"i am going to be straight with you here. There's a strong pattern in your posts and the main impression is that you are really stuck where you are - in terms of yourself and in terms of your relationship to your h."

thanks zig, for being straight with me....i wrote to GWN saying just that...i need it straight. I'm not his child or sister or his mother...though over the years it seems those are the roles H has put me in at times. With my blessing!

I took a few days off from here just to be me, without H since he was gone two nights.

Went to the movies with D and fell in love with being in love again, just watching the big screen actors play it out made my heart ache.

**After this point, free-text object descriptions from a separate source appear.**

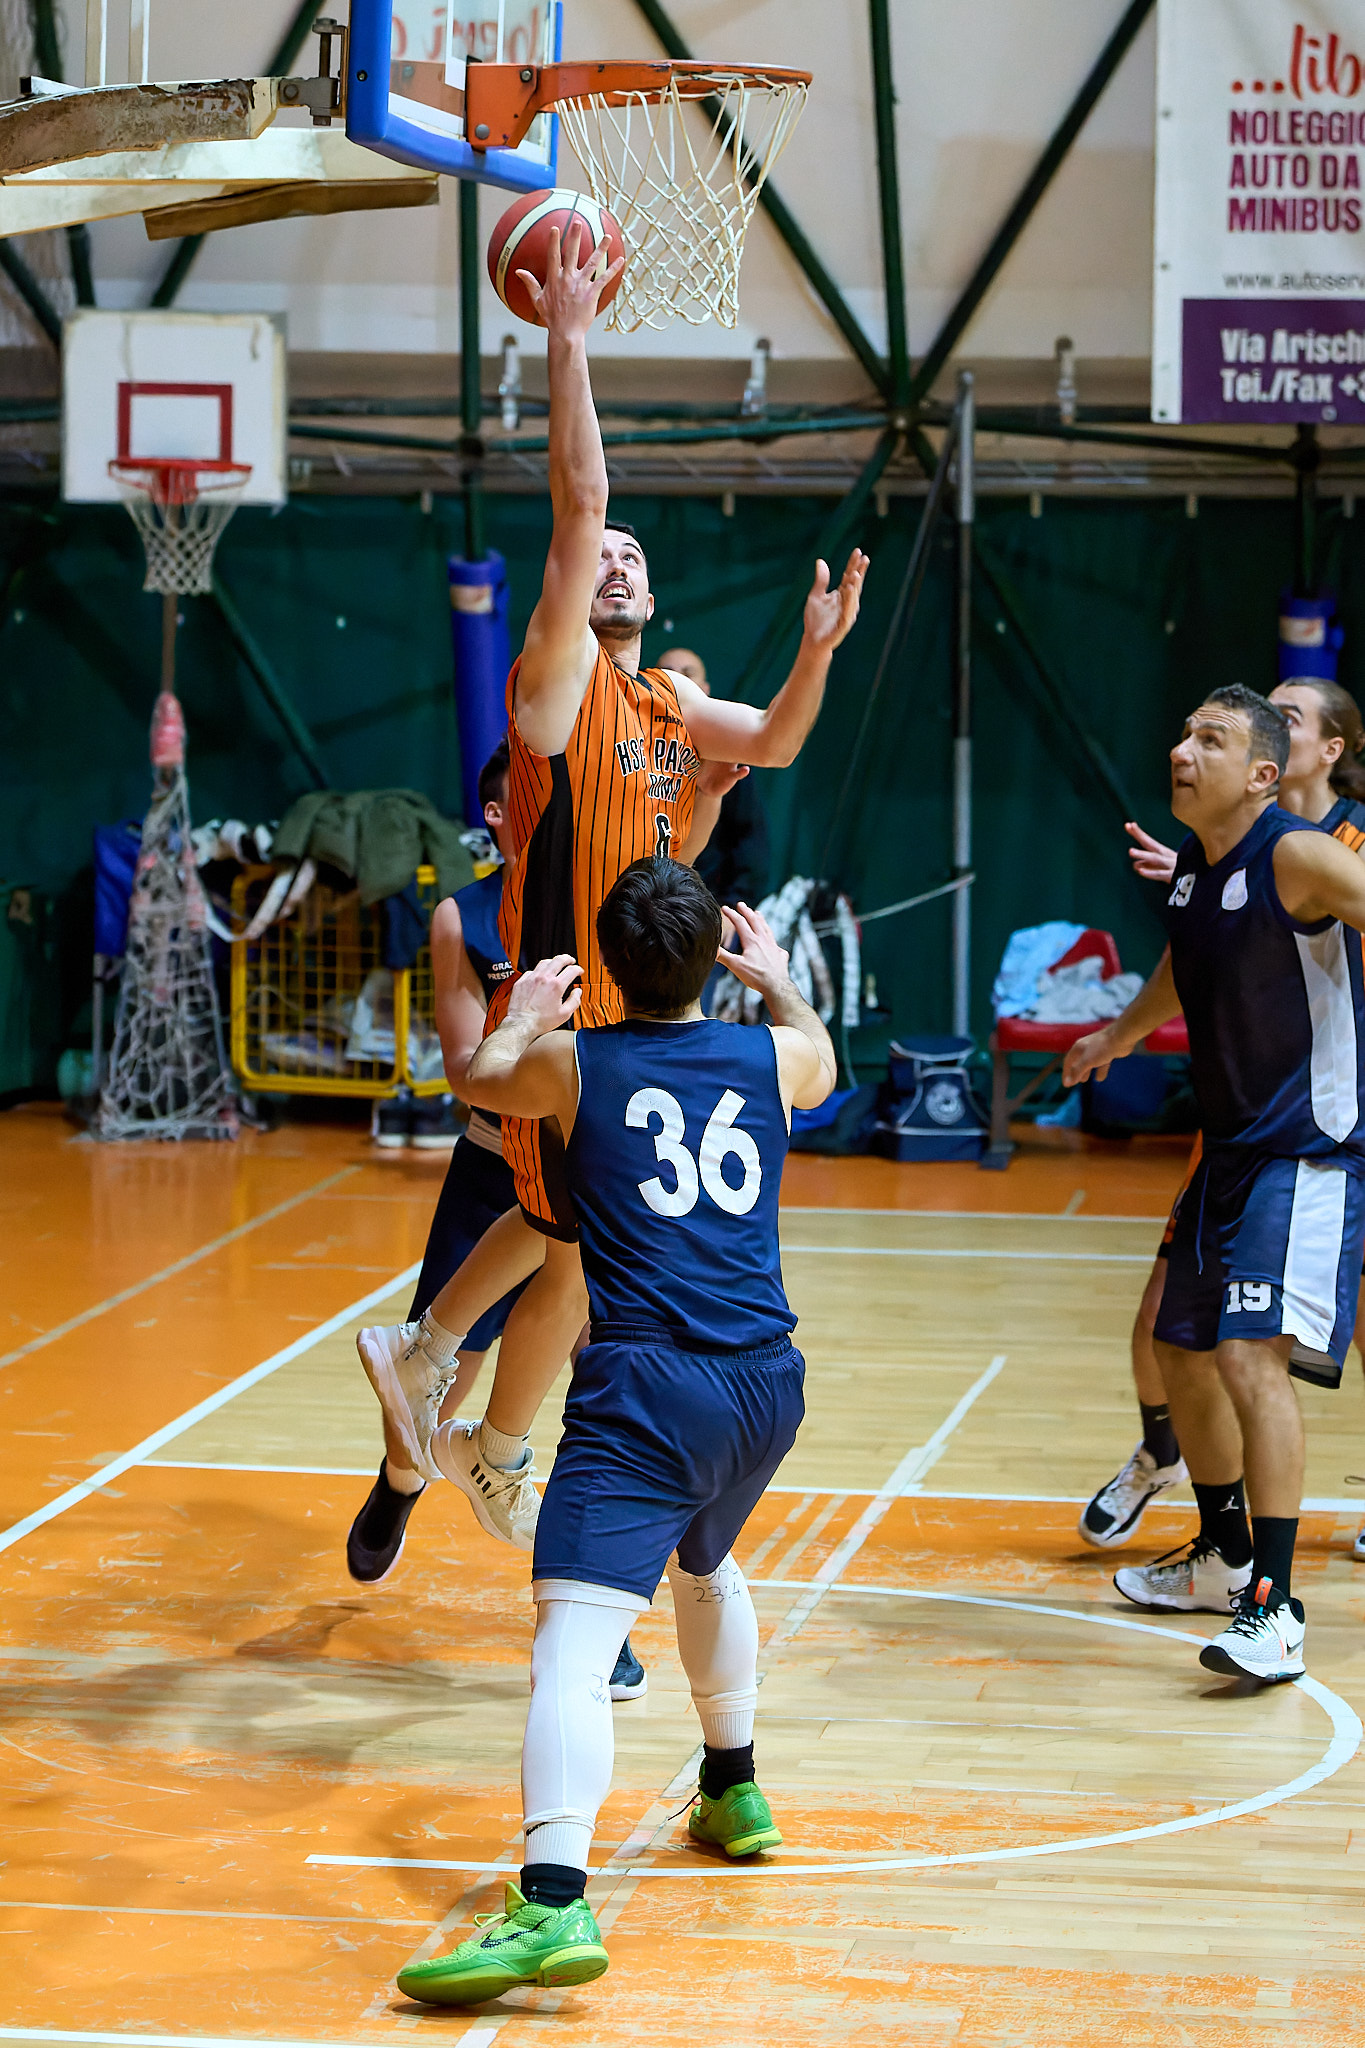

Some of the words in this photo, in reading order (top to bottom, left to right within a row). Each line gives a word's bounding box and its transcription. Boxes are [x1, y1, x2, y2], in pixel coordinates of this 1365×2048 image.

[1230, 23, 1365, 101] ...lib
[1229, 154, 1309, 189] AUTO
[1321, 154, 1359, 189] DA
[1228, 198, 1361, 232] MINIBUS
[1220, 328, 1266, 363] Via
[1271, 328, 1365, 364] Arisch
[625, 1087, 763, 1218] 36
[1226, 1281, 1272, 1314] 19

I don't want to be stuck anymore...it's going to be my third fall going into this lonely path of winter, holidays, b-days...and I have S.A.D. so that really doesn't help. (Seasonal affective disorder)

by yourself - without paying ANY mind whatsoever to how your h or your relationship with him may be affected.

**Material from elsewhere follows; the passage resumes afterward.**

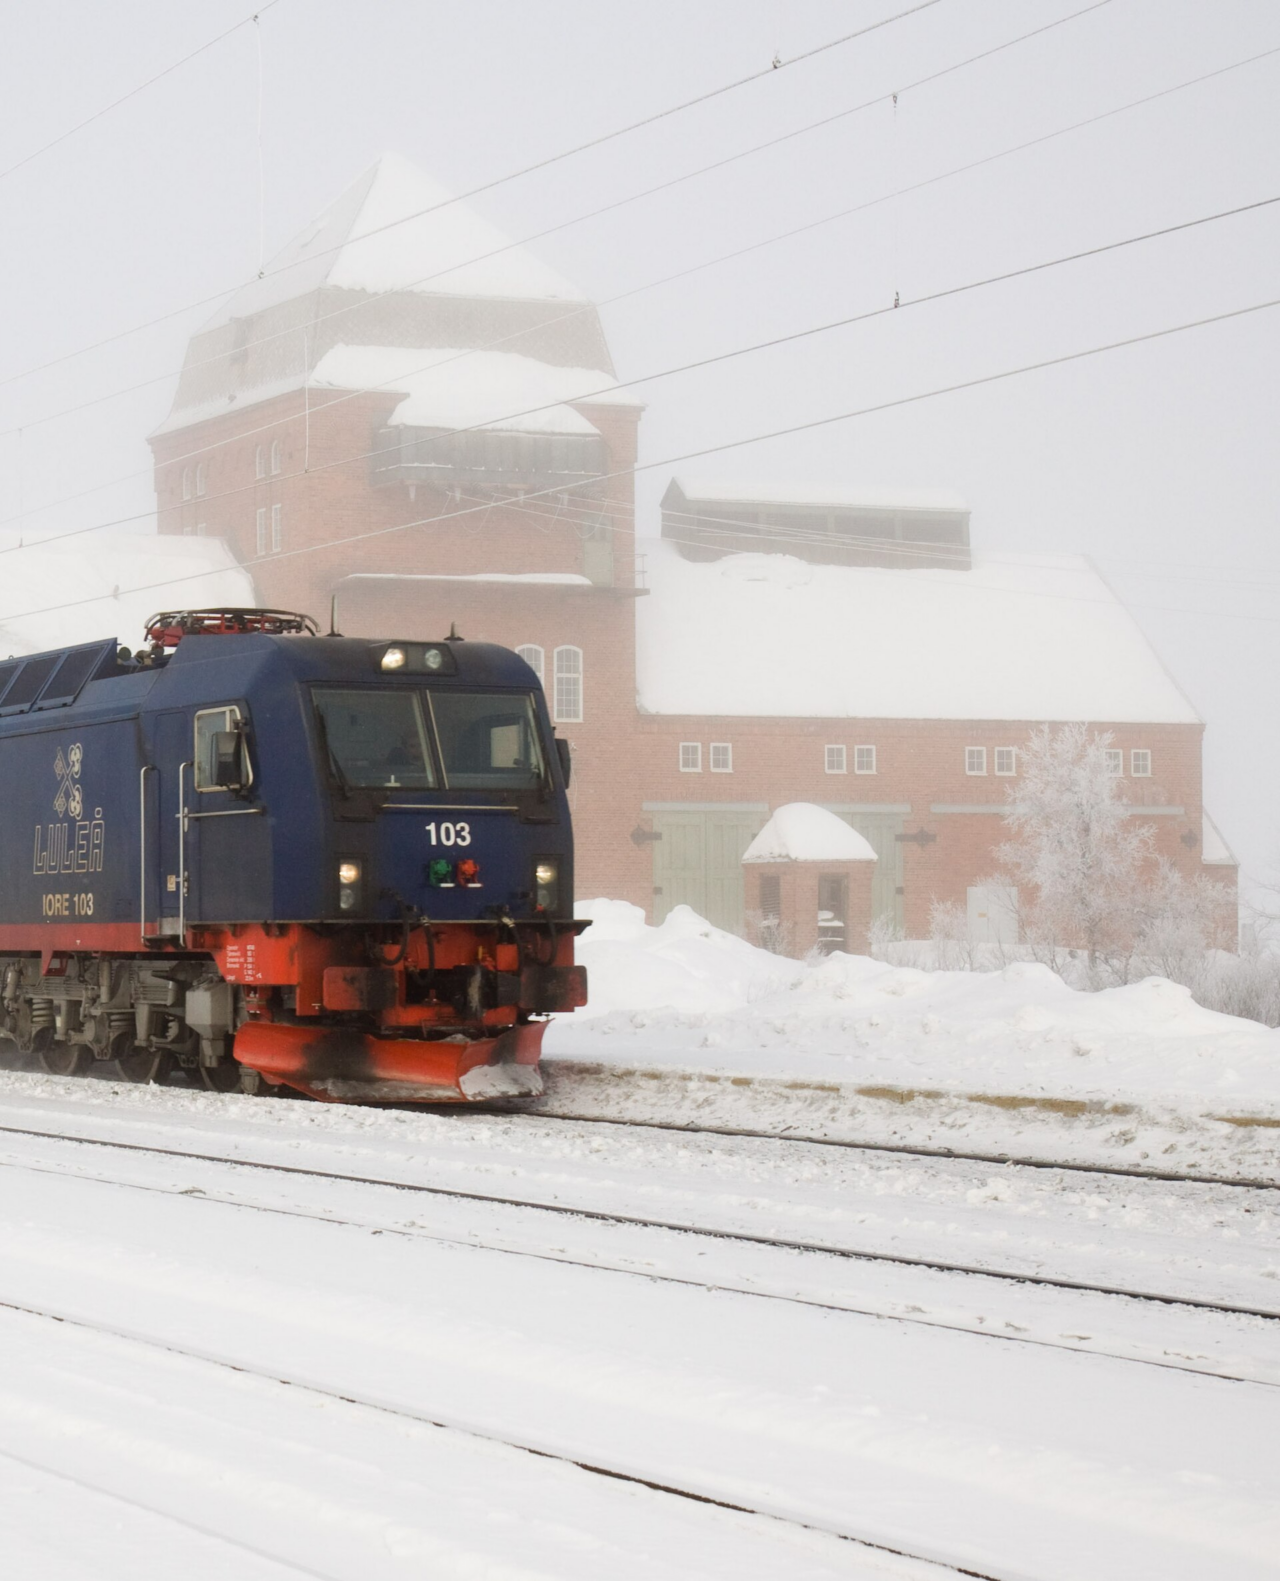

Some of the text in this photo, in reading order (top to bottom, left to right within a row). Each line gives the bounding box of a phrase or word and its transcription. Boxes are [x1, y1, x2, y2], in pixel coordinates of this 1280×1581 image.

[33, 807, 105, 874] LULEÅ
[425, 822, 471, 846] 103
[42, 893, 94, 917] IORE 103

that's my problem...i base everything on how it will affect him...I don't like to make him think that I'm just fine without him. I thought it would make him detach from me even more...he always tells me I'm good. i want to rip his face off when he say's that.

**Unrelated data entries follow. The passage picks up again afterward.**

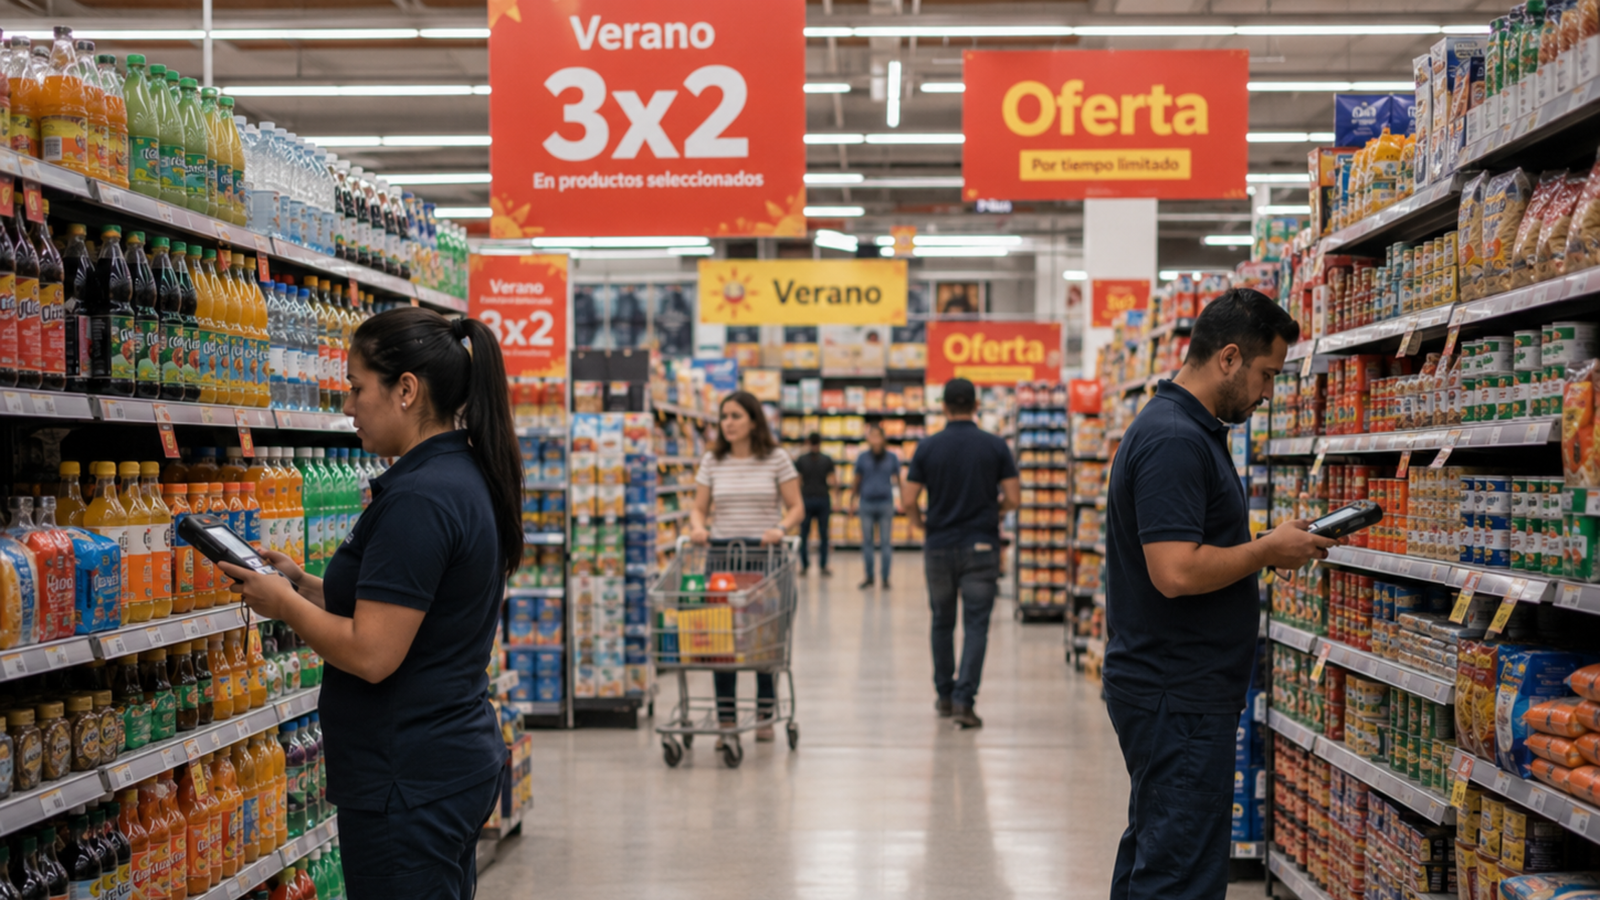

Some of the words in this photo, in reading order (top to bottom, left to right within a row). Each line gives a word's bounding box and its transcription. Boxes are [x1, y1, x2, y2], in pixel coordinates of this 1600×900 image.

[569, 15, 715, 50] Verano
[542, 65, 749, 161] 3x2
[1002, 79, 1209, 137] Oferta
[533, 173, 554, 189] En
[558, 172, 643, 192] productos
[646, 170, 764, 188] seleccionados
[1031, 158, 1056, 171] Por
[1061, 157, 1114, 174] tiempo
[1117, 156, 1180, 171] limitado
[489, 278, 544, 295] Verano
[773, 279, 882, 305] Verano
[479, 309, 554, 346] 3x2
[943, 332, 1045, 364] Oferta

he is comfortable here...I am a creature of comfort...and he sux it all up like my own personal vampire...sucking the life out of me as well. After 23yrs of providing that "homey" feeling he missed as a child, and I obviously needed to give, i have to learn how to wrap myself up in my own blanket and be content.

Don't be here? At least for "him" I can work on that everyday...as i learn to detach. Today I almost ran out of bed to make him breakfast when he commented that he thought there would be dinner leftovers. I bee lined it for the bathroom.

I have a feeling that you are somehow validating it for him .

that was really hard to read...i don't know how or what to say or do in order to stop. I don't condone his ignorance...ow/ea, anger, and blatant disregard for my needs as a wife. I didn't know I am validating him...can you elaborate on that some more please?

I am reading Co-d still....I really like think it helping me put some things together. I loved the castle-picnic...I passed it on so when I put out my blanket finally some friends can join me smile

Bitting m tongue here...no more conversations letting him spew his verbal abuse my way. I'm letting him make his declarations that make no sense anyway, are have half truths, and are hurtful.

zig, I want nothing more that to feel emotionally independent...it sounds so freeing, lite and airy. No more heavy emotional handcuffs.

I'm so scared to get out of his equation...though I know better. I know that it is best for me...I don't want to be there, really...he's not fun! It losing the feeling of what's familiar, what's easy, like a broken in pair of jeans, we love them the most.

Well not that I have expressed my feelings...I am ready to work on changing my thoughts...moving forward...cause I'm not alone. I have 4 grown kids here in this house with me who are fun, loving, weird, and everything else that comes with a great personality.

I have both my parents who say all the right things about my m and what they think, and keep just the right distance.

Someone asked me how am i (close friend) and I said "I'm a wife without a husband" shocking myself I realized I am (right now) singular. Just me... without him.

Yea, it's little steps like that everyday, throughout the day that I need to remember so I don't slid back, cry, try to cuddle, say ILY, you know all those "normal things" that a LBS still misses.

thanks zig your post was a great read!!! grin


The past can't be ahead of you in the future.
You don't have to figure it all out, just pick a direction.
What's next...I don't know but I can't wait!